[Stored data entries]
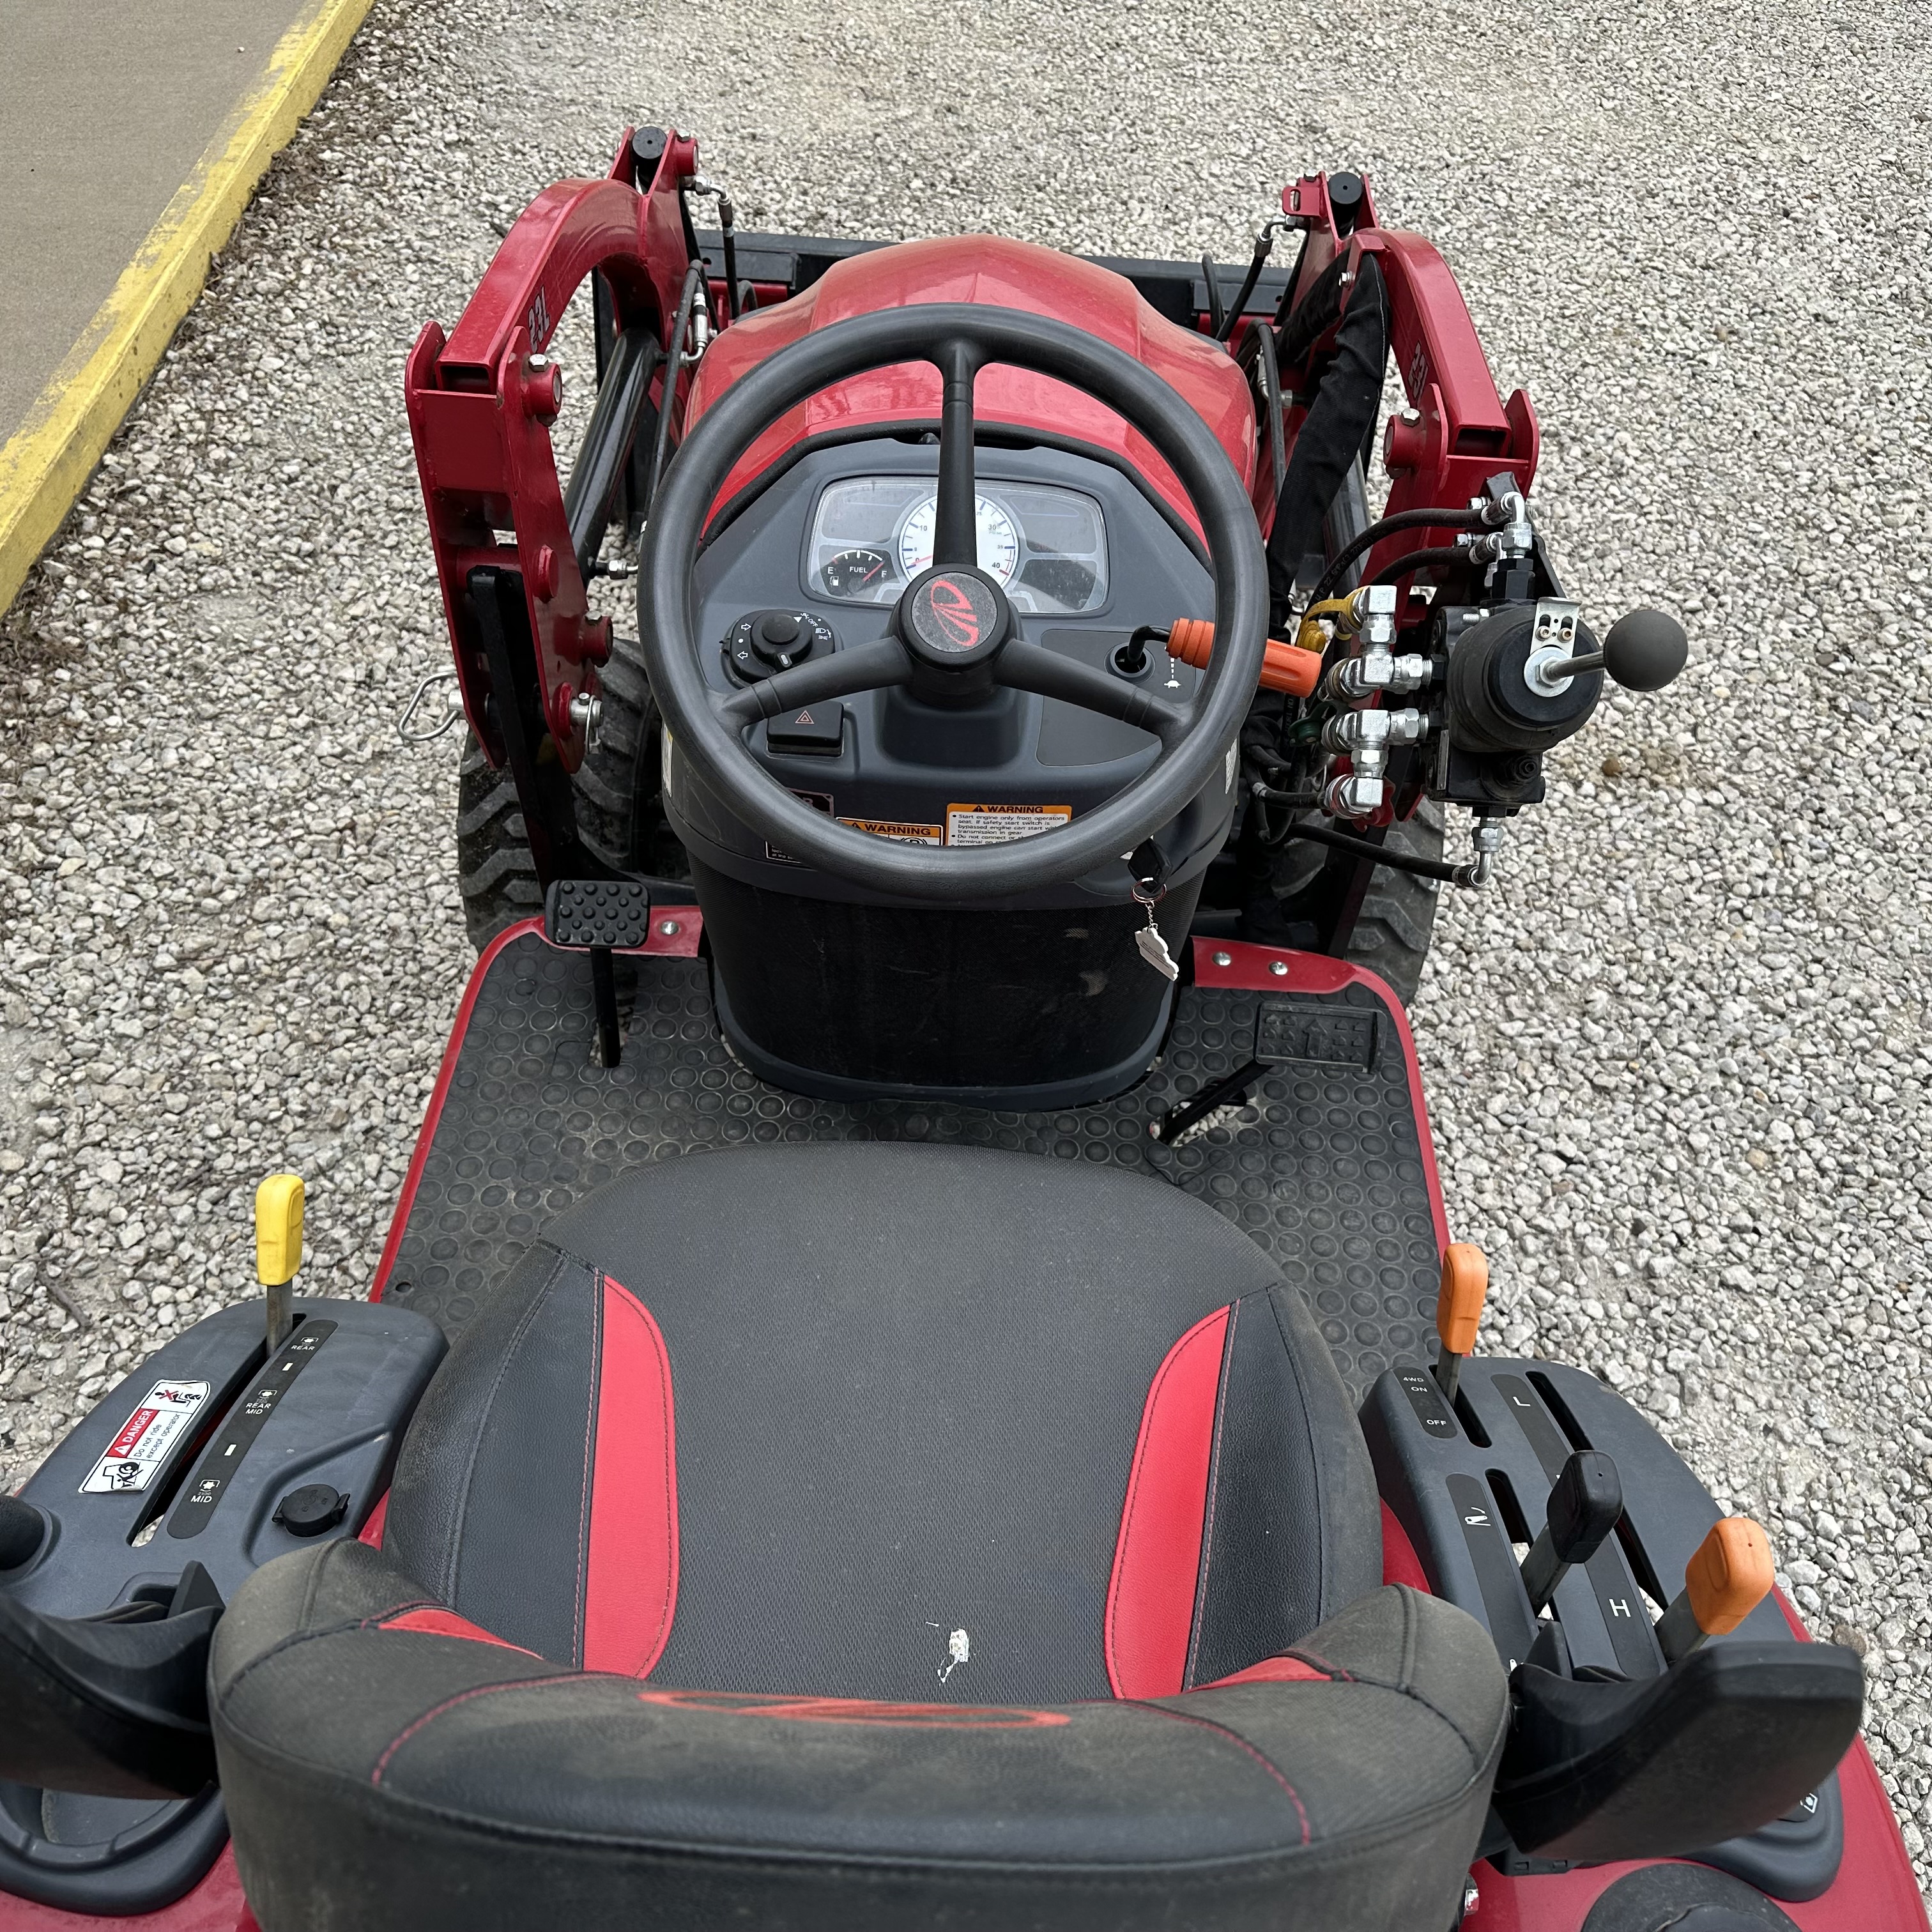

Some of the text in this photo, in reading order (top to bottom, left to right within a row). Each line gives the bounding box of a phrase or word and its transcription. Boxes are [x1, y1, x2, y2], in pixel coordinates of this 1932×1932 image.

[808, 618, 818, 627] OFF
[864, 824, 931, 836] WARNING
[1513, 1396, 1531, 1407] L
[122, 1410, 154, 1443] DANGER
[146, 1414, 181, 1458] except operator
[134, 1424, 162, 1457] Do not ride
[1609, 1598, 1631, 1618] H
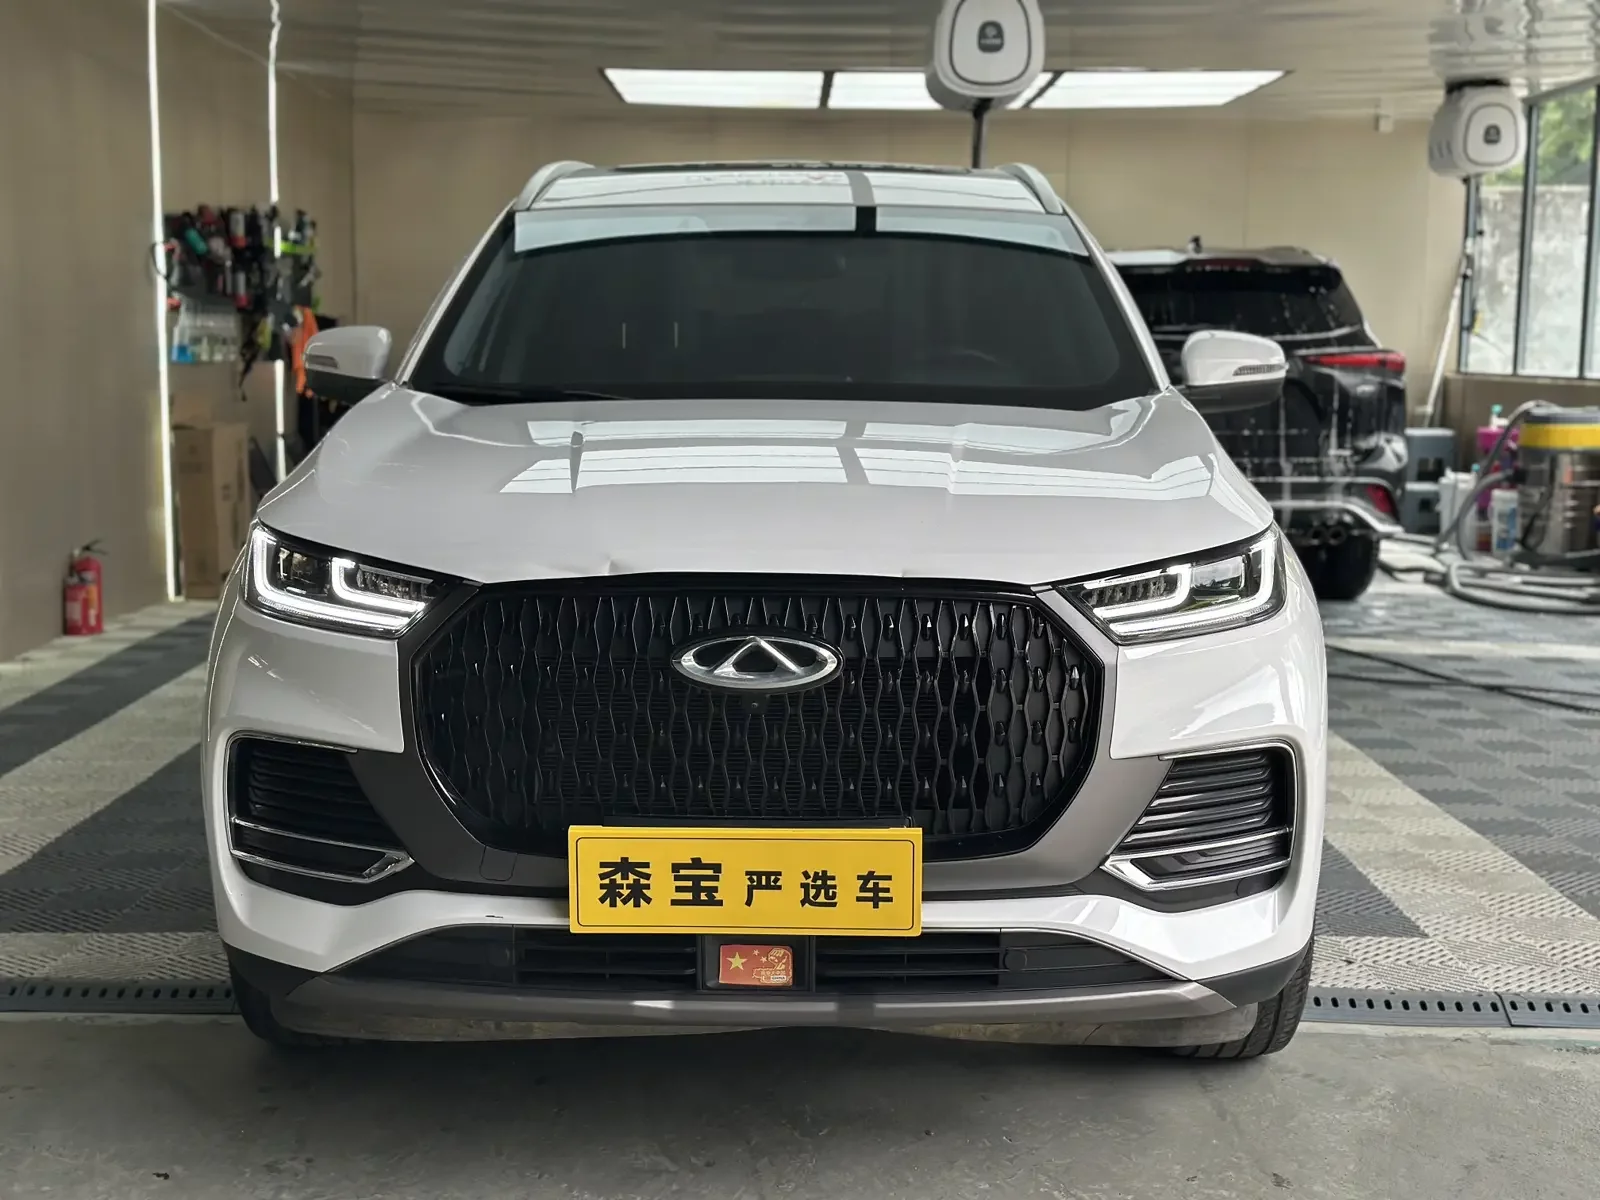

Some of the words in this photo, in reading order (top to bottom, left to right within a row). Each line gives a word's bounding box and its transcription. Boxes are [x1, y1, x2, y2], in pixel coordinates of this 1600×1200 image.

[597, 856, 894, 910] 森宝严选车
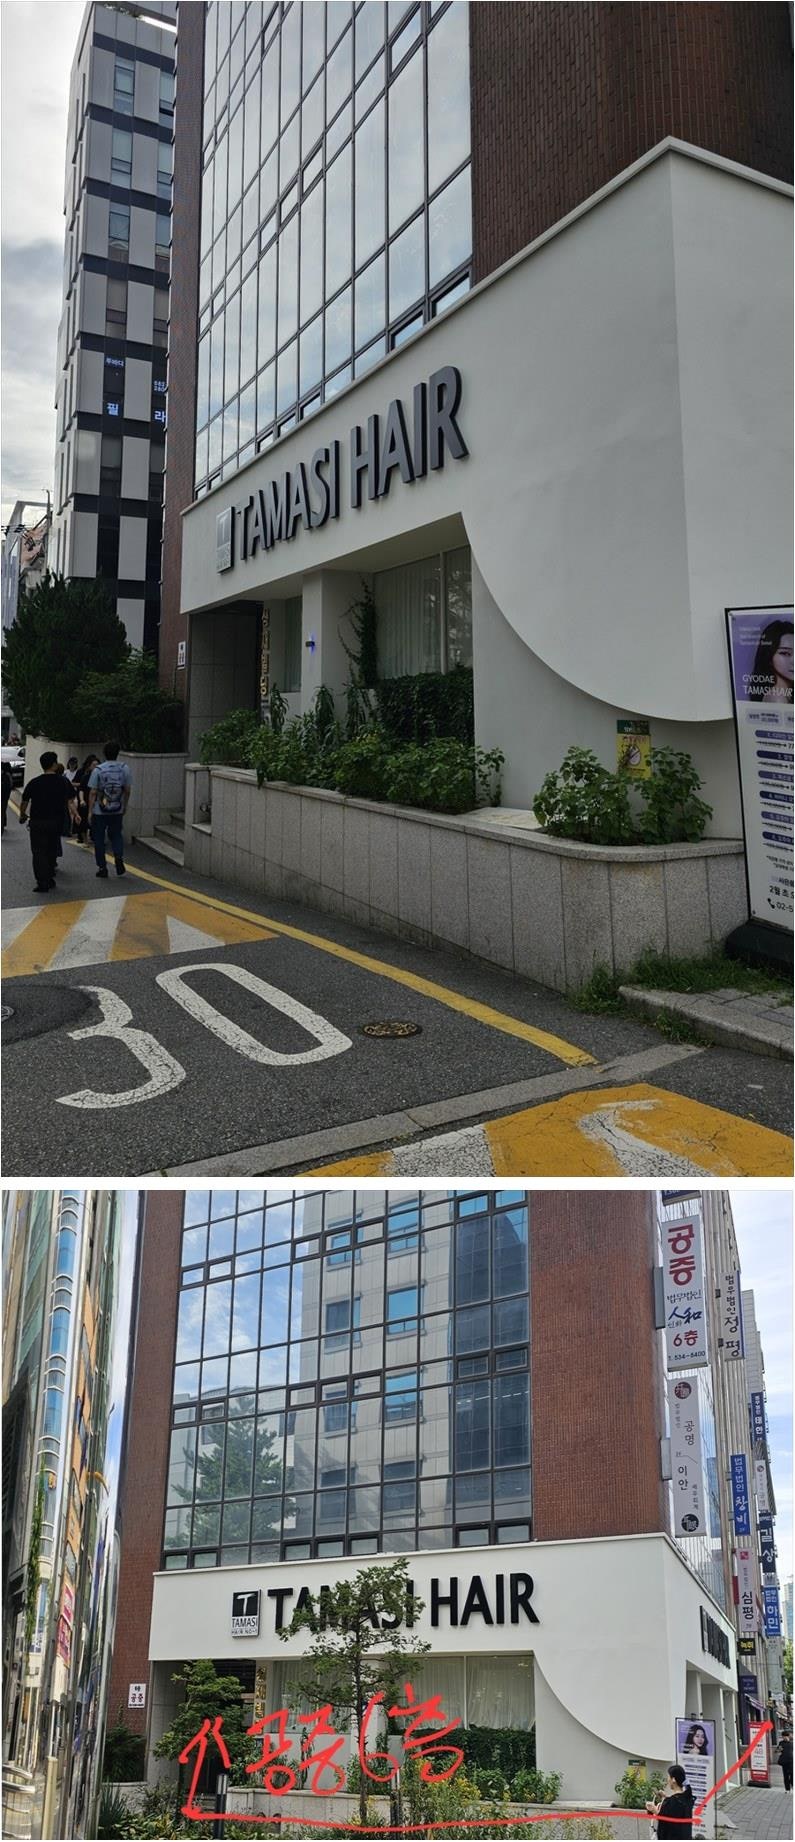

*ASSIGNMENT:* Without the images, write out all of the records exactly.

*TASK OUTPUT:*
Some of the text in this photo, in reading order (top to bottom, left to right within a row). Each line gives the bounding box of a phrase or word and its transcription. Boxes are [x1, y1, x2, y2], in pixel coordinates of this 1932×1932 image.

[808, 618, 818, 627] OFF
[864, 824, 931, 836] WARNING
[1513, 1396, 1531, 1407] L
[122, 1410, 154, 1443] DANGER
[146, 1414, 181, 1458] except operator
[134, 1424, 162, 1457] Do not ride
[1609, 1598, 1631, 1618] H

Some of the words in this photo, in reading order (top to bottom, left to right within a row). Each line gives a word's bounding box and its transcription. Boxes are [x1, y1, x2, y2], in pixel coordinates of this 1600×1200 image.

[597, 856, 894, 910] 森宝严选车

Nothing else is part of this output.